▸ **Goal of the exercise**: Every record is to be printed exactly as written; pictures are to be omitted.

(Free-text object descriptions)

···

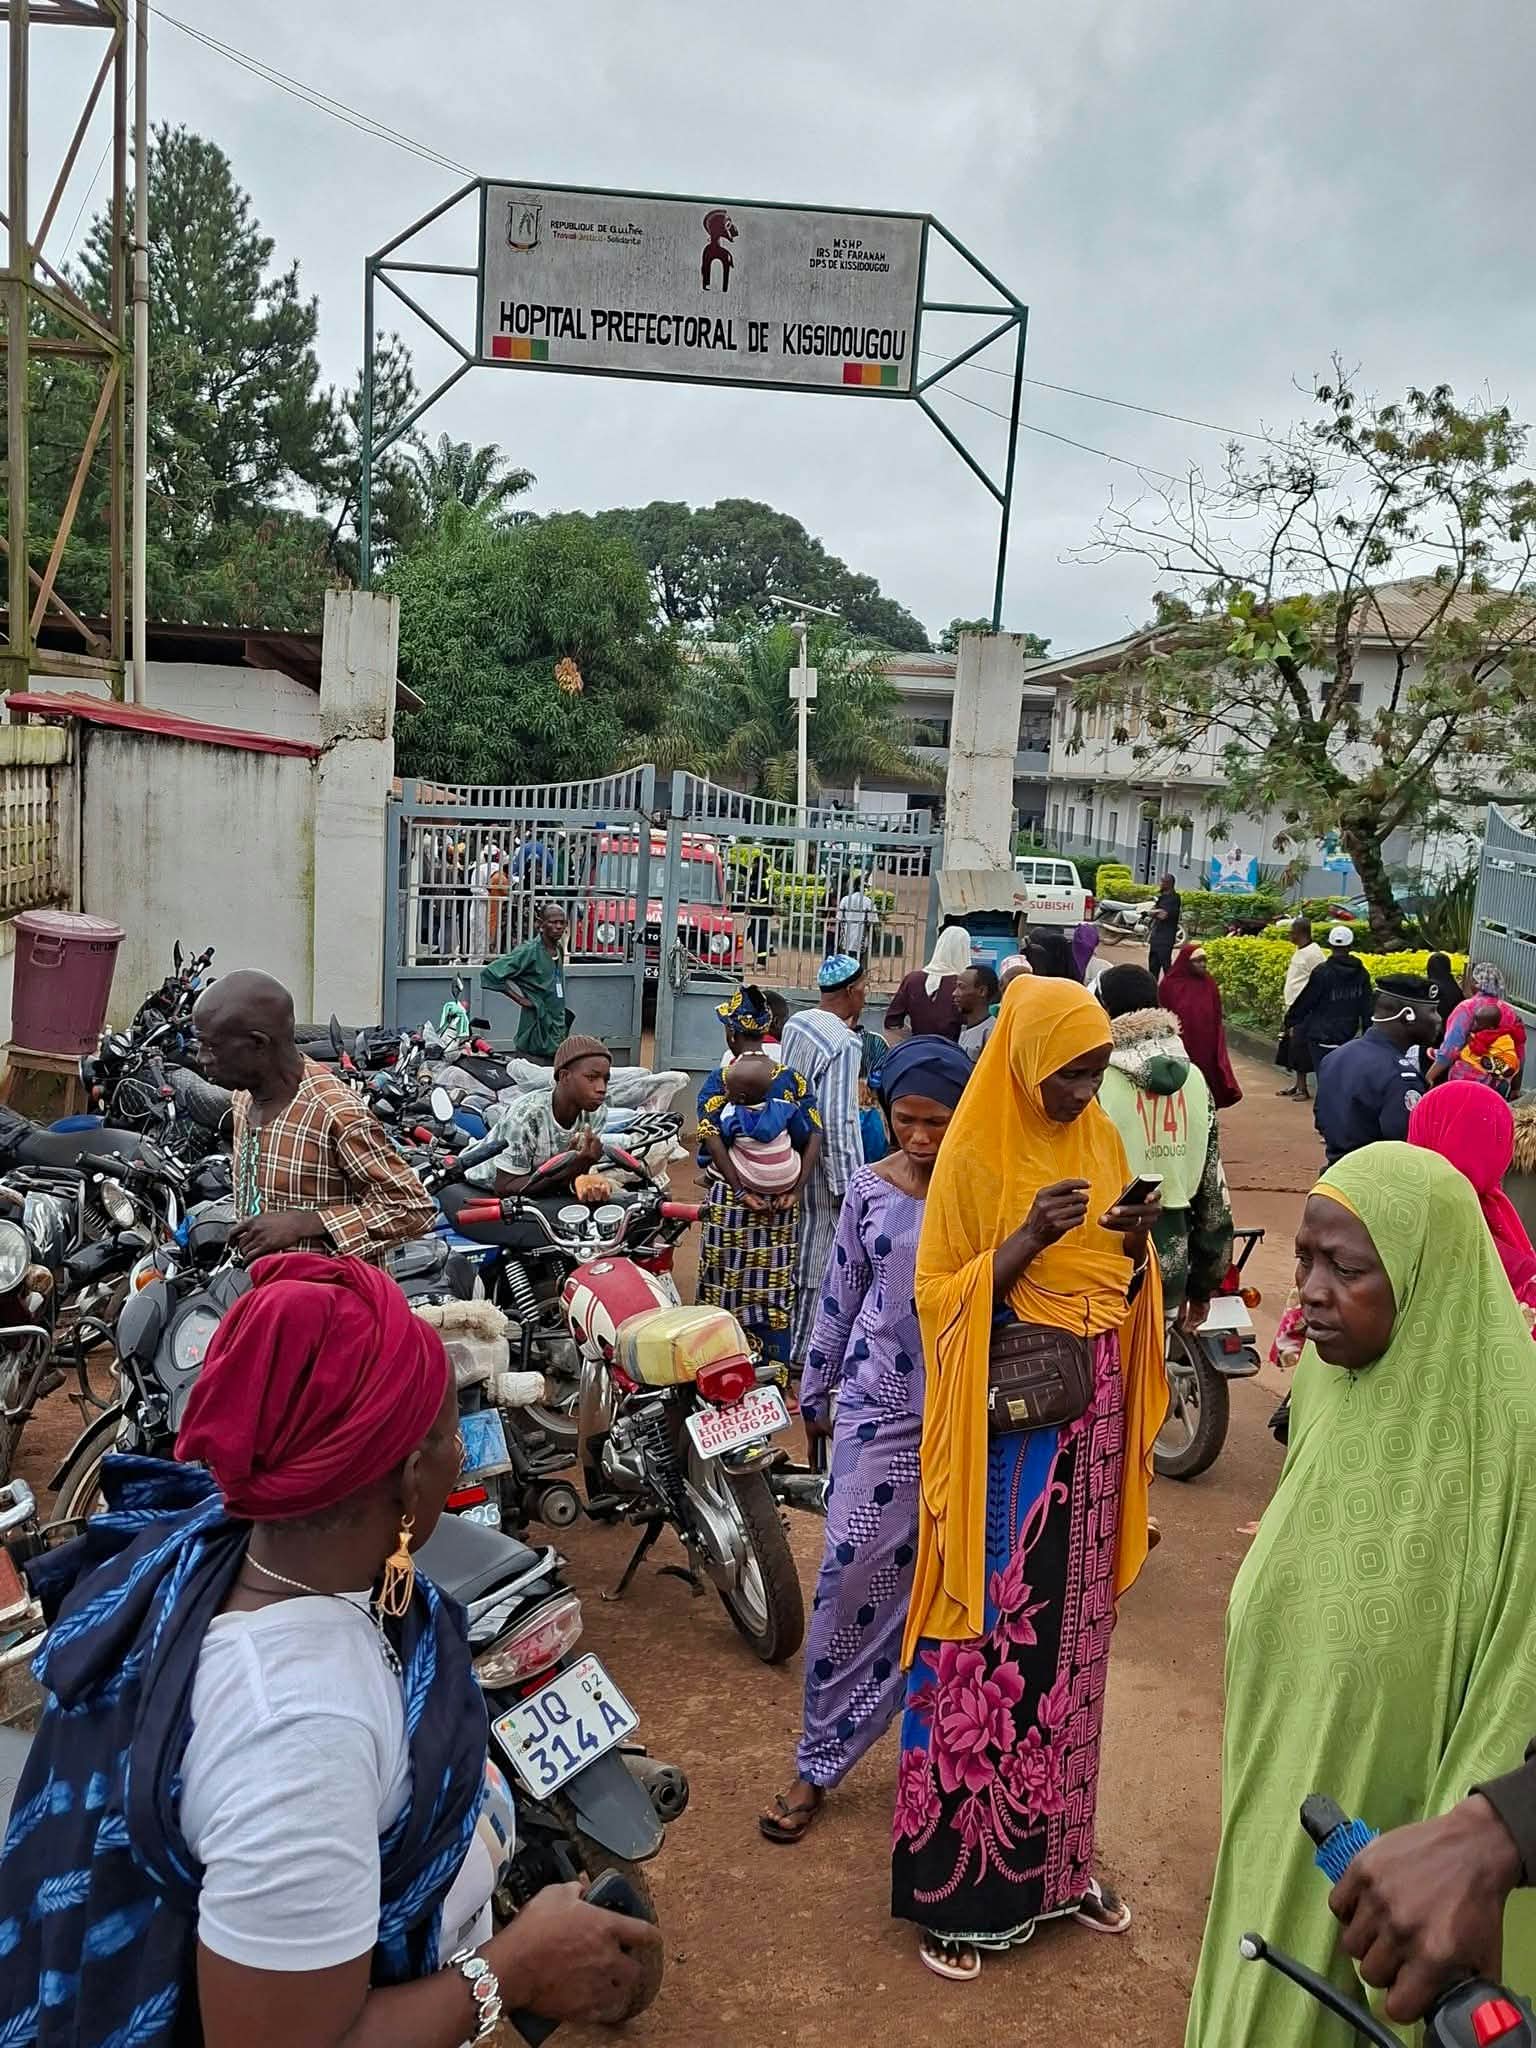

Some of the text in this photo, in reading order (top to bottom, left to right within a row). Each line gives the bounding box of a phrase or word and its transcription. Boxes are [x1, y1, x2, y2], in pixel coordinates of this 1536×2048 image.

[597, 224, 607, 233] DE
[833, 238, 863, 249] MSHP
[816, 247, 886, 262] IRS DE FARANAH
[809, 258, 890, 272] DPS DE KISSIDOUGOU
[500, 301, 907, 361] HOPITAL PREFECTORAL DE KISSIDOUGOU
[1030, 900, 1074, 911] SUBISHI
[698, 1401, 774, 1438] HORIZON
[522, 1690, 572, 1744] JQ
[528, 1700, 628, 1786] 314 A
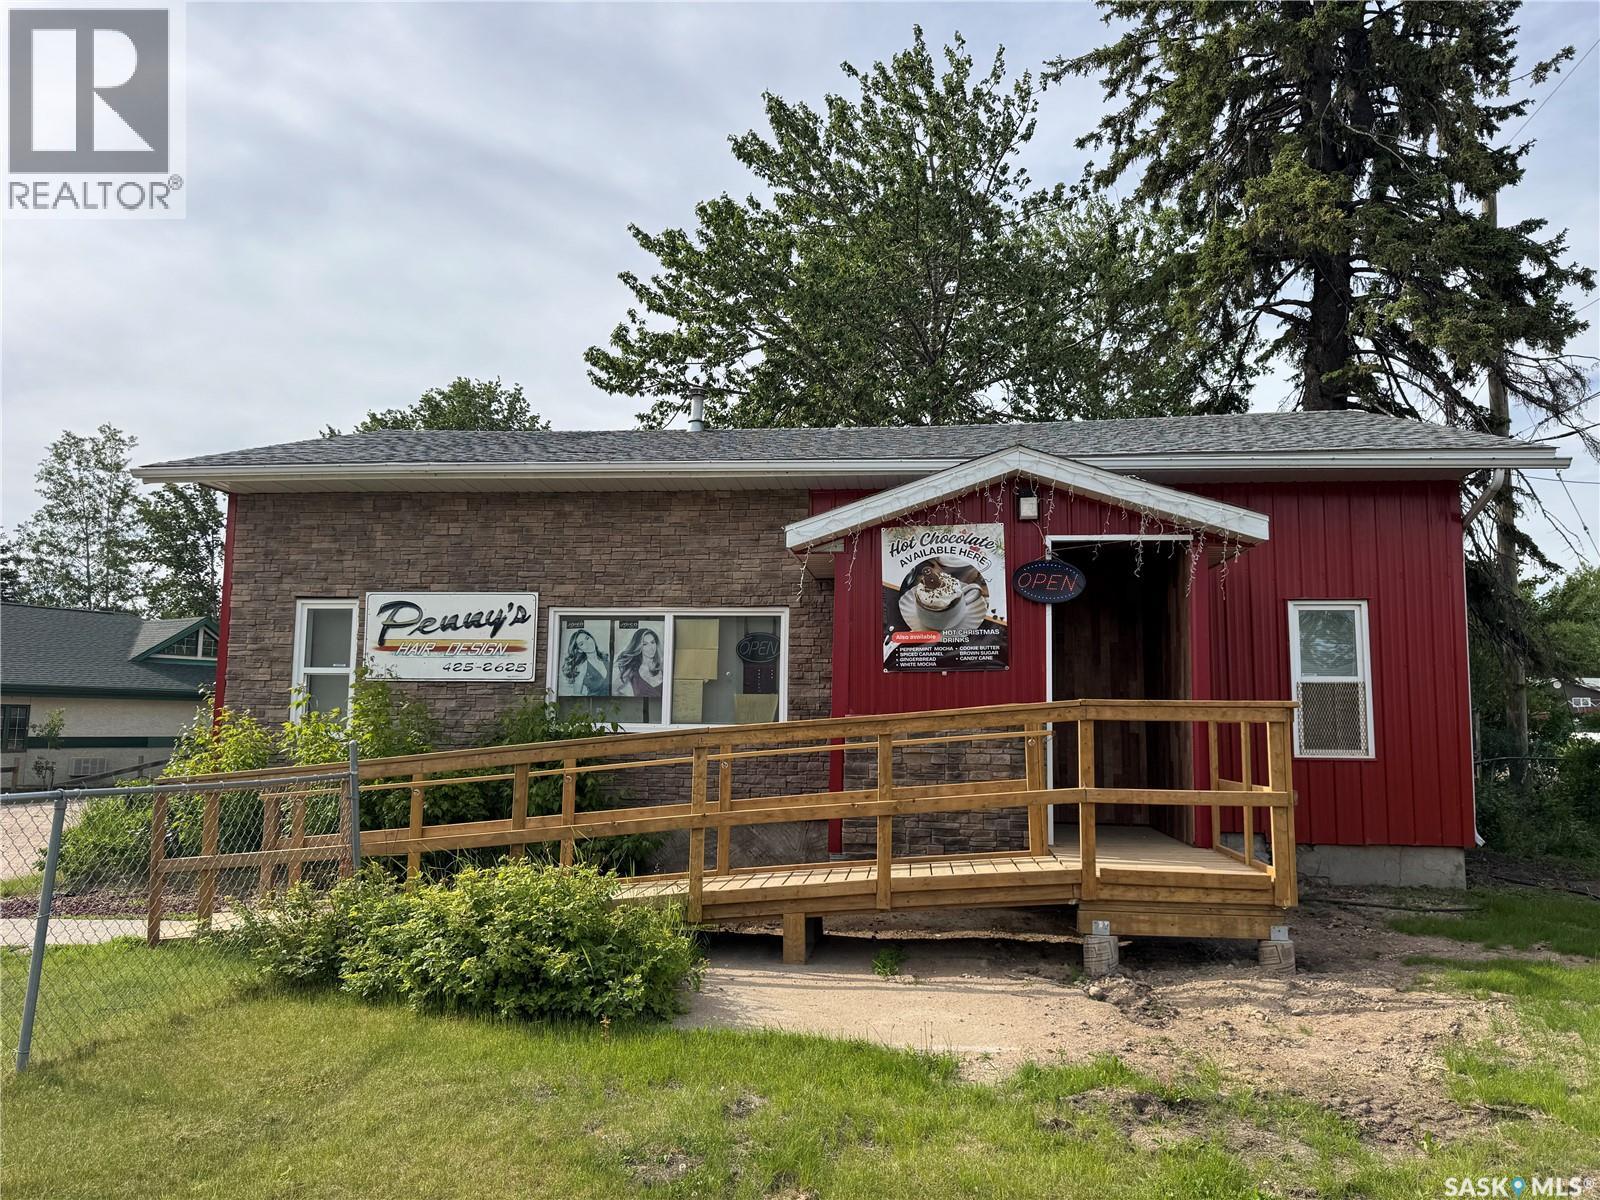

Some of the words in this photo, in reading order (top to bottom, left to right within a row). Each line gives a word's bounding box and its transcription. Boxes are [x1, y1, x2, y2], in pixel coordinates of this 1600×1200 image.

[889, 536, 917, 557] Hot
[919, 532, 995, 550] Chocolate
[899, 546, 957, 568] AVAILABLE
[958, 547, 988, 565] HERE
[1018, 572, 1078, 592] OPEN
[376, 600, 532, 646] Penny's
[394, 642, 437, 657] HAIR
[444, 642, 510, 657] DESIGN
[740, 640, 779, 656] OPEN
[442, 662, 528, 673] 425-2625
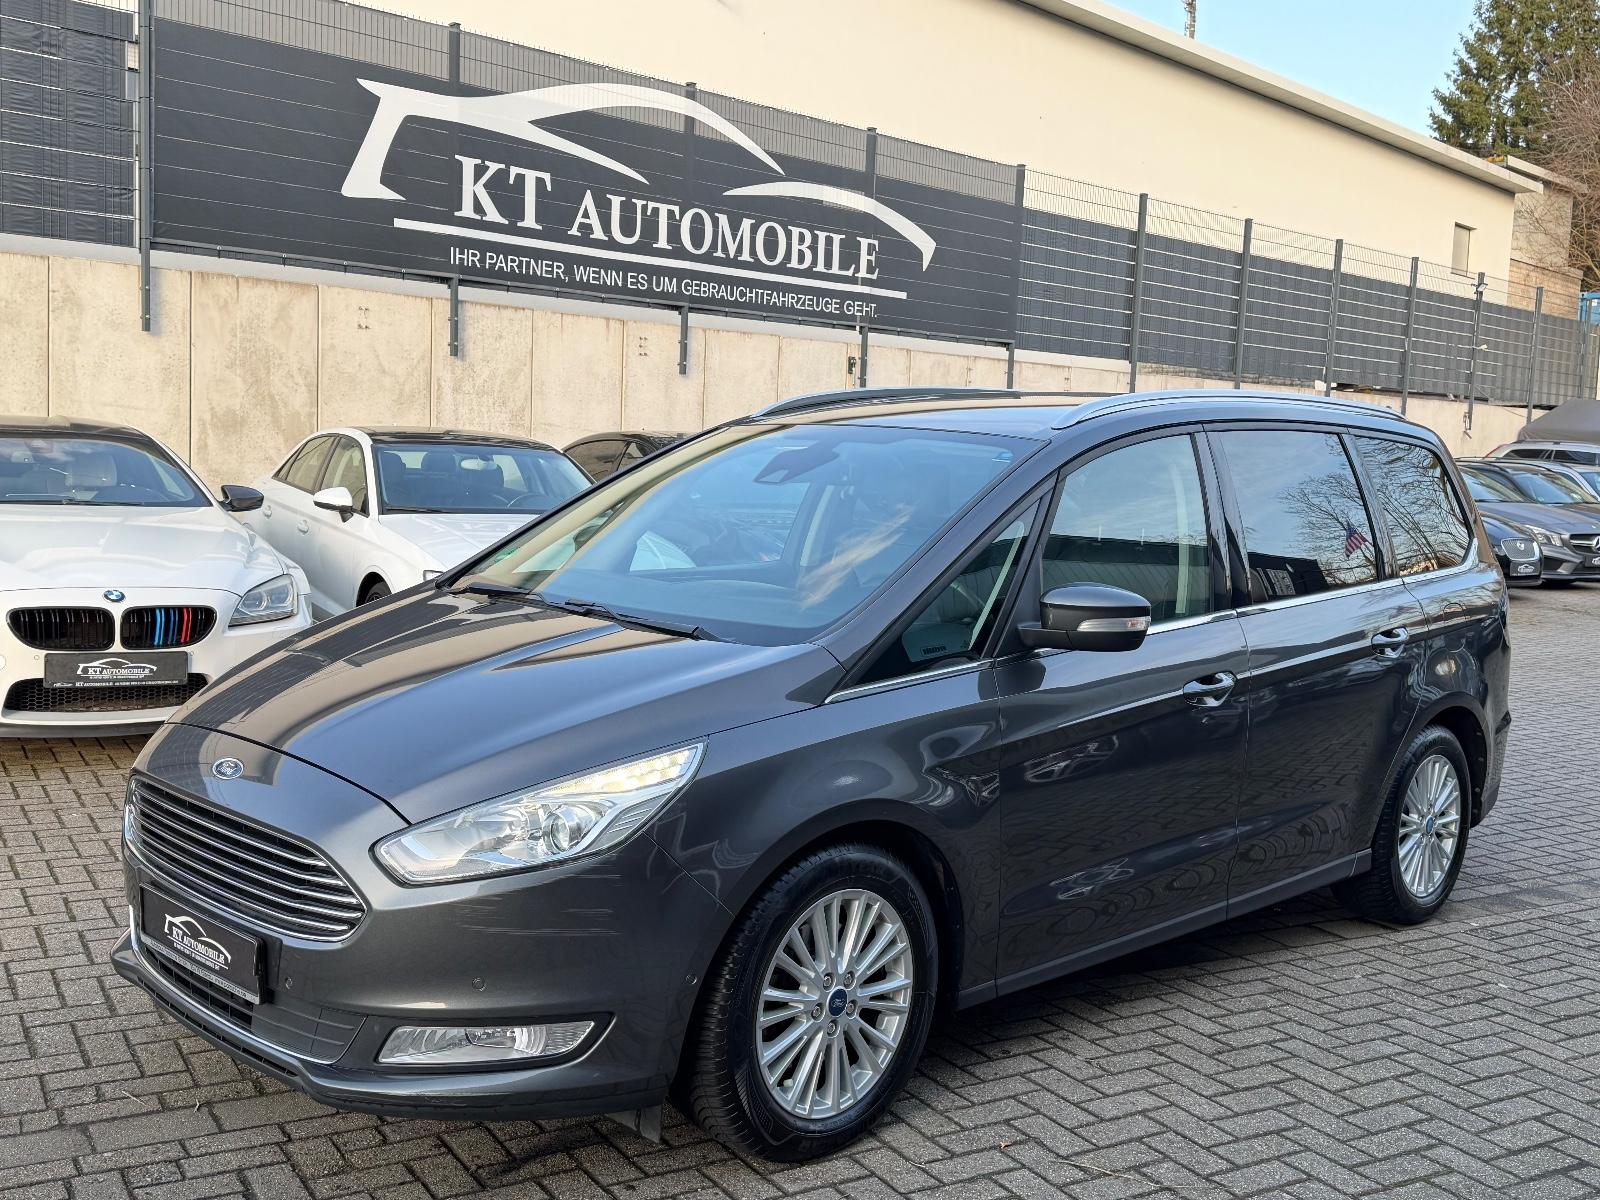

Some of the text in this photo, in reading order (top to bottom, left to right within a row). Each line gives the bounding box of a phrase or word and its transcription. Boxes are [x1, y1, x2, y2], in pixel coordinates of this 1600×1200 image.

···

▸ **Answer for the task**:
Some of the text in this photo, in reading order (top to bottom, left to right within a row). Each line gives the bounding box of a phrase or word and its transcription. Boxes are [x1, y1, x2, y2], in pixel coordinates of this 1536×2048 image.

[597, 224, 607, 233] DE
[833, 238, 863, 249] MSHP
[816, 247, 886, 262] IRS DE FARANAH
[809, 258, 890, 272] DPS DE KISSIDOUGOU
[500, 301, 907, 361] HOPITAL PREFECTORAL DE KISSIDOUGOU
[1030, 900, 1074, 911] SUBISHI
[698, 1401, 774, 1438] HORIZON
[522, 1690, 572, 1744] JQ
[528, 1700, 628, 1786] 314 A

Some of the words in this photo, in reading order (top to bottom, left to right within a row). Each line gives a word's bounding box and its transcription. Boxes are [x1, y1, x2, y2], in pixel coordinates of this 1600×1200 image.

[889, 536, 917, 557] Hot
[919, 532, 995, 550] Chocolate
[899, 546, 957, 568] AVAILABLE
[958, 547, 988, 565] HERE
[1018, 572, 1078, 592] OPEN
[376, 600, 532, 646] Penny's
[394, 642, 437, 657] HAIR
[444, 642, 510, 657] DESIGN
[740, 640, 779, 656] OPEN
[442, 662, 528, 673] 425-2625

Some of the text in this photo, in reading order (top to bottom, left to right within a row). Each line gives the bounding box of a phrase or word and its transcription. Boxes are [x1, y1, x2, y2], in pixel coordinates of this 1600×1200 image.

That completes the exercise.